Given information: Begin
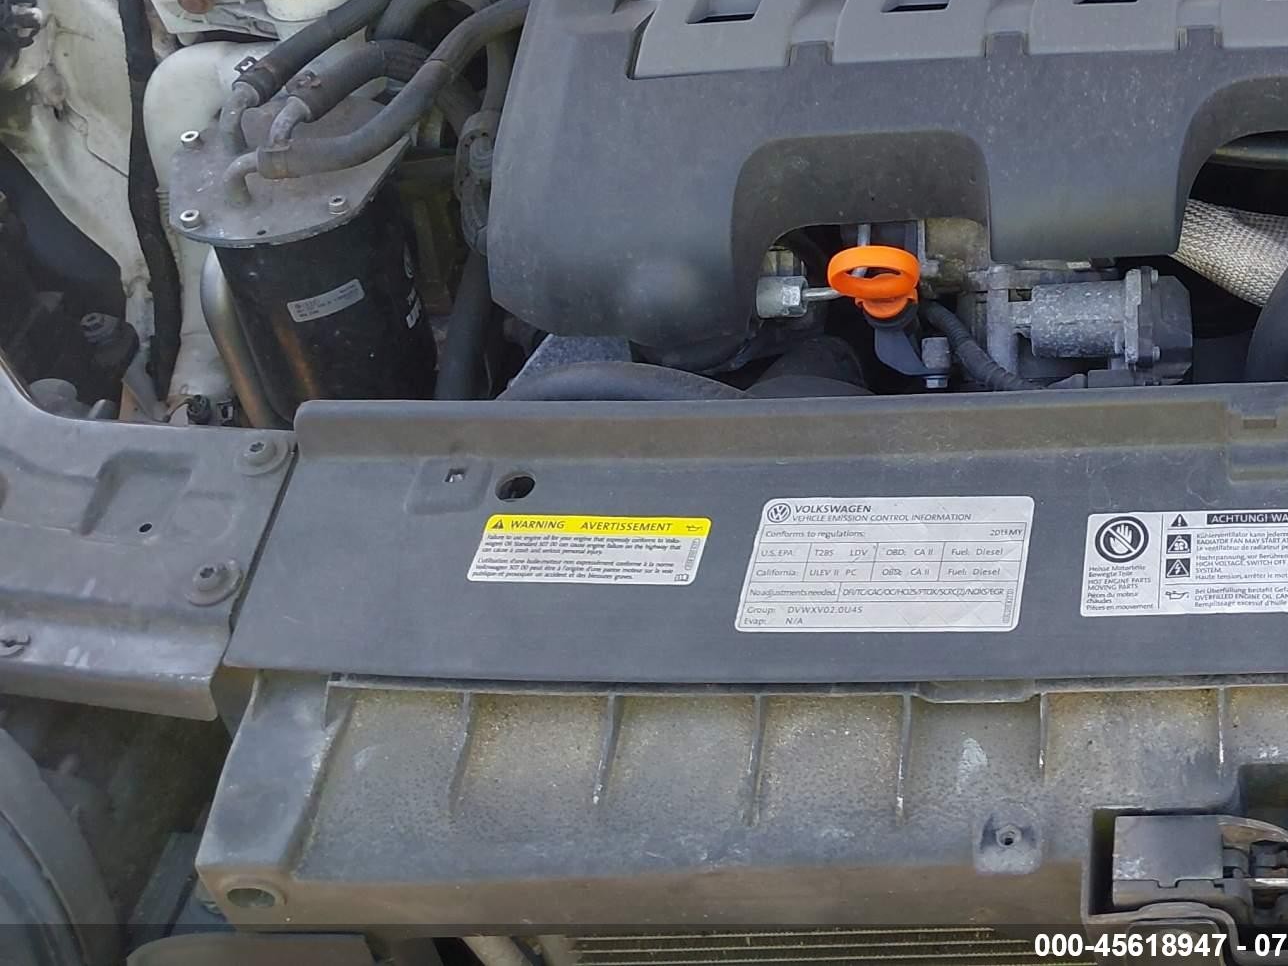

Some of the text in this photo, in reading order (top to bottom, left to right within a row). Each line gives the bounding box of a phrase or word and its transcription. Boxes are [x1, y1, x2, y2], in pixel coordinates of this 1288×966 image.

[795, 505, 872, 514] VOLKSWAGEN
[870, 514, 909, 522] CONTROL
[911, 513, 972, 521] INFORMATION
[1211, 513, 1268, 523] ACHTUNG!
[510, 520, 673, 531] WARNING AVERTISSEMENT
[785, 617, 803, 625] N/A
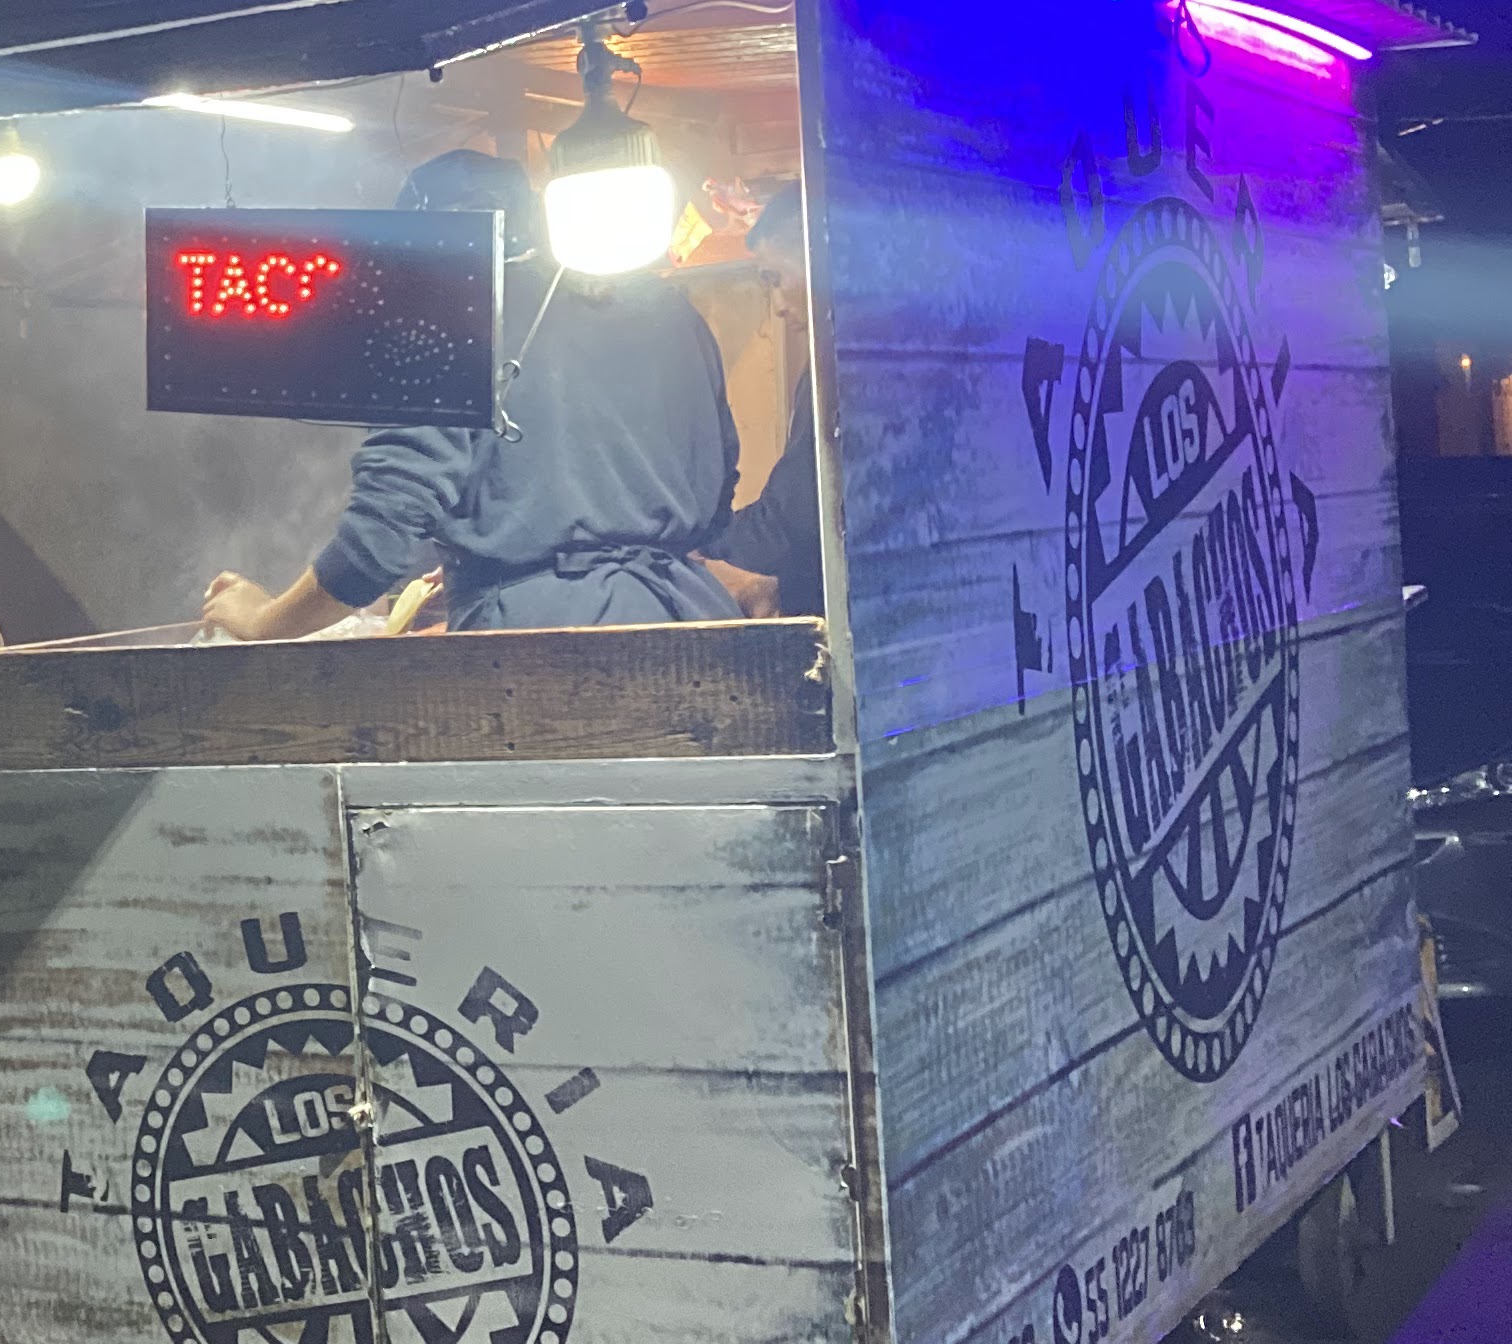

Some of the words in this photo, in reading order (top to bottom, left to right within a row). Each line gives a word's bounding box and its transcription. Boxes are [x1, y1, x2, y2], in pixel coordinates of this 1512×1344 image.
Given information: End
Given information: Begin
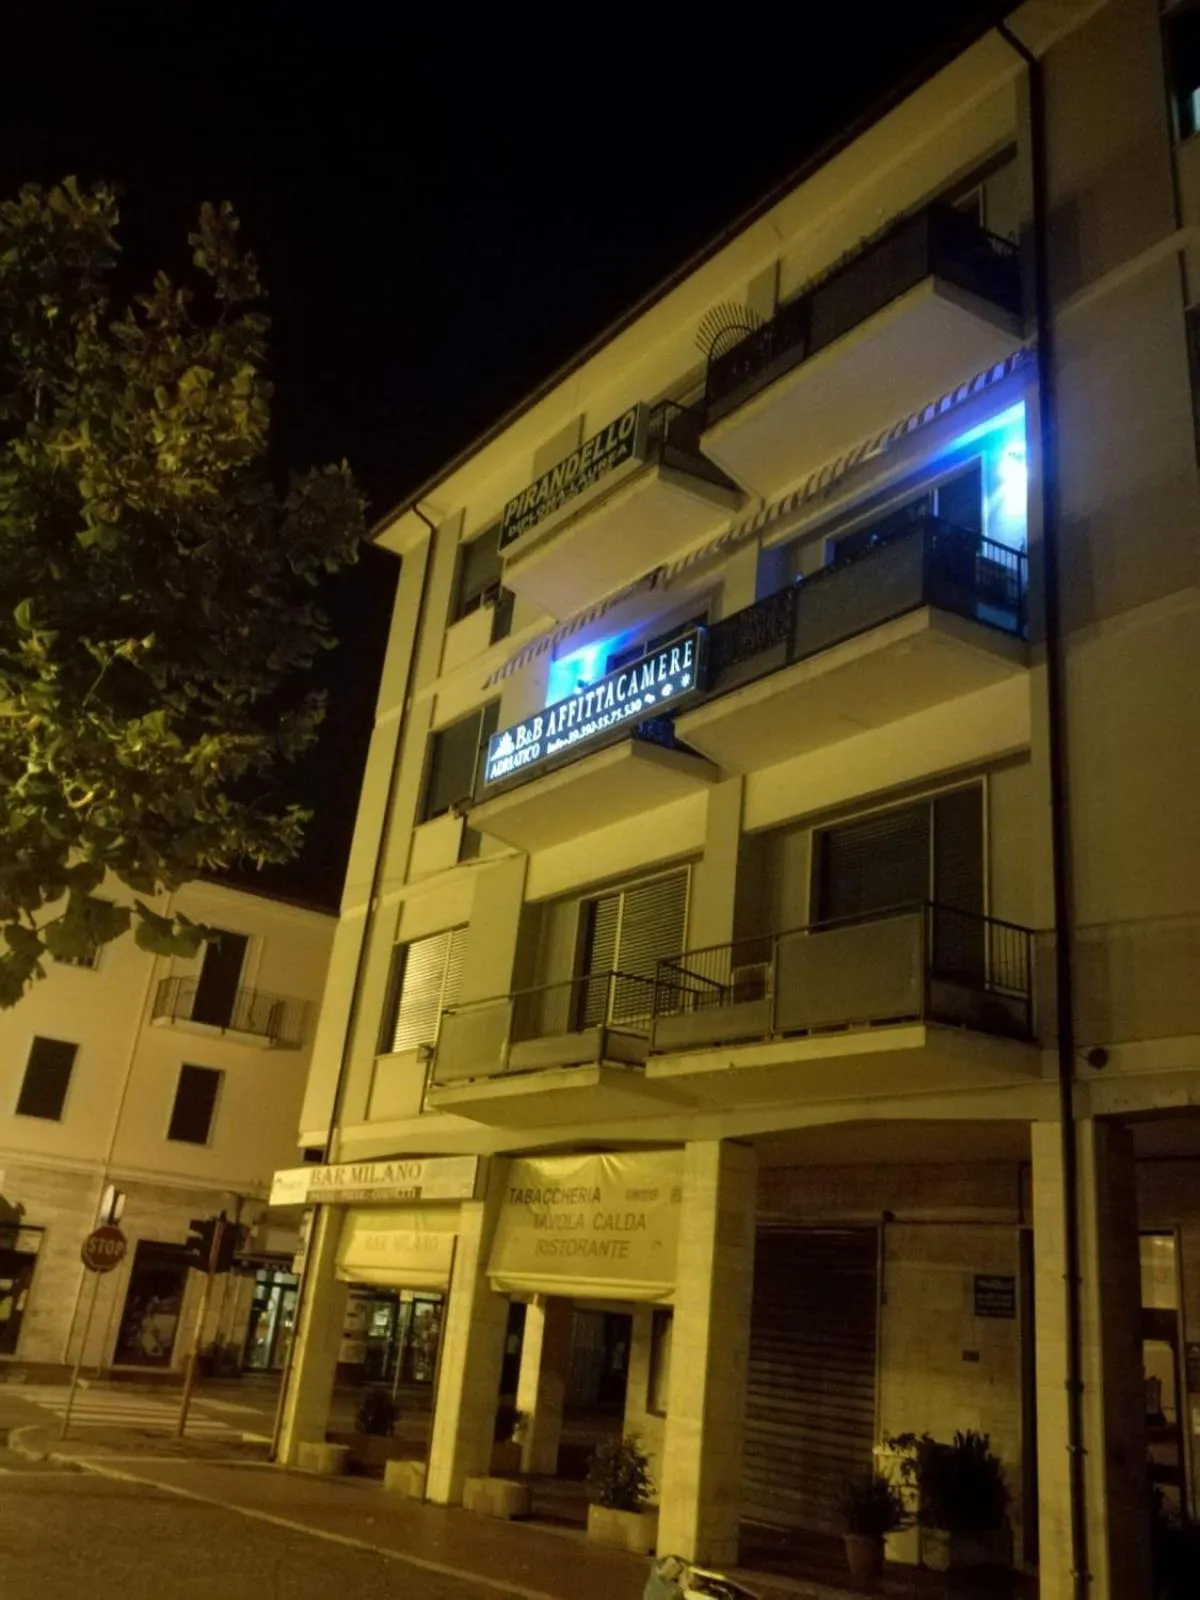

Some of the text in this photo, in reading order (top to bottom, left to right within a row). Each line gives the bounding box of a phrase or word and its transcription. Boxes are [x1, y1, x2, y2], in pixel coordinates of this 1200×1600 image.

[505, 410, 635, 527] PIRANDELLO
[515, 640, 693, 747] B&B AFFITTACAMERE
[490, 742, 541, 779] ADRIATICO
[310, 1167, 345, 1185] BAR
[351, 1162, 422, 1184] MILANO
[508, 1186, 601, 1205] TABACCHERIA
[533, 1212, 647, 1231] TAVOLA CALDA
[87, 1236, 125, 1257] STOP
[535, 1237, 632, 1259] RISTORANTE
Given information: End
**Problem to work on**
Above this task is a listing with pictures in it. Retype only the lines from the one containing "this 1288×966 image." through the one containing "Some of the words", both included, and not the pictures.

**Output of the exercise**
Some of the text in this photo, in reading order (top to bottom, left to right within a row). Each line gives the bounding box of a phrase or word and its transcription. Boxes are [x1, y1, x2, y2], in pixel coordinates of this 1288×966 image.

[795, 505, 872, 514] VOLKSWAGEN
[870, 514, 909, 522] CONTROL
[911, 513, 972, 521] INFORMATION
[1211, 513, 1268, 523] ACHTUNG!
[510, 520, 673, 531] WARNING AVERTISSEMENT
[785, 617, 803, 625] N/A

Some of the words in this photo, in reading order (top to bottom, left to right within a row). Each line gives a word's bounding box and its transcription. Boxes are [x1, y1, x2, y2], in pixel coordinates of this 1512×1344 image.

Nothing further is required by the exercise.